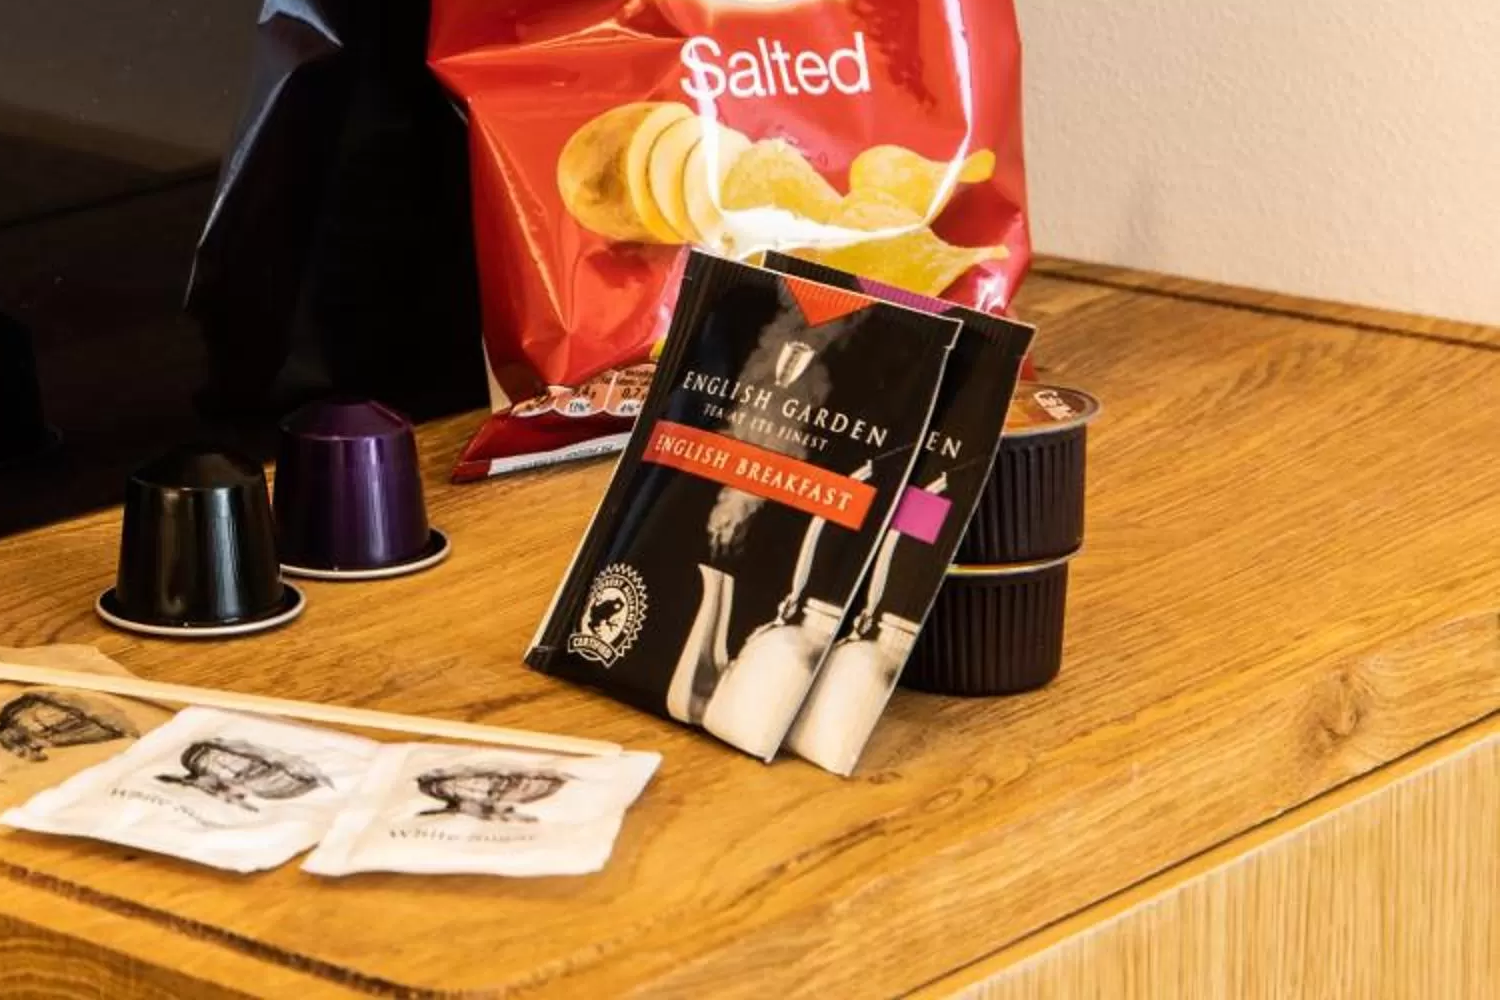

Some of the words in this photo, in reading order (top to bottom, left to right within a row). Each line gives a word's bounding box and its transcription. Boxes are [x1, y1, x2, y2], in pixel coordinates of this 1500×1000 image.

[679, 31, 871, 97] Salted
[683, 370, 773, 411] ENGLISH
[781, 398, 888, 448] GARDEN
[703, 402, 725, 419] TEA
[729, 410, 746, 426] AT
[749, 416, 773, 436] ITS
[776, 423, 830, 451] FINEST
[655, 432, 731, 469] ENGLISH
[735, 458, 853, 513] BREAKFAST
####
• [INSTRUCTIONS FOR THE TASK]:
Each line of the listing must be restated word for word, and the pictures left out.

• [TASK SOLUTION]:
Some of the words in this photo, in reading order (top to bottom, left to right within a row). Each line gives a word's bounding box and its transcription. Boxes are [x1, y1, x2, y2], in pixel coordinates of this 1500×1000 image.

[679, 31, 871, 97] Salted
[683, 370, 773, 411] ENGLISH
[781, 398, 888, 448] GARDEN
[703, 402, 725, 419] TEA
[729, 410, 746, 426] AT
[749, 416, 773, 436] ITS
[776, 423, 830, 451] FINEST
[655, 432, 731, 469] ENGLISH
[735, 458, 853, 513] BREAKFAST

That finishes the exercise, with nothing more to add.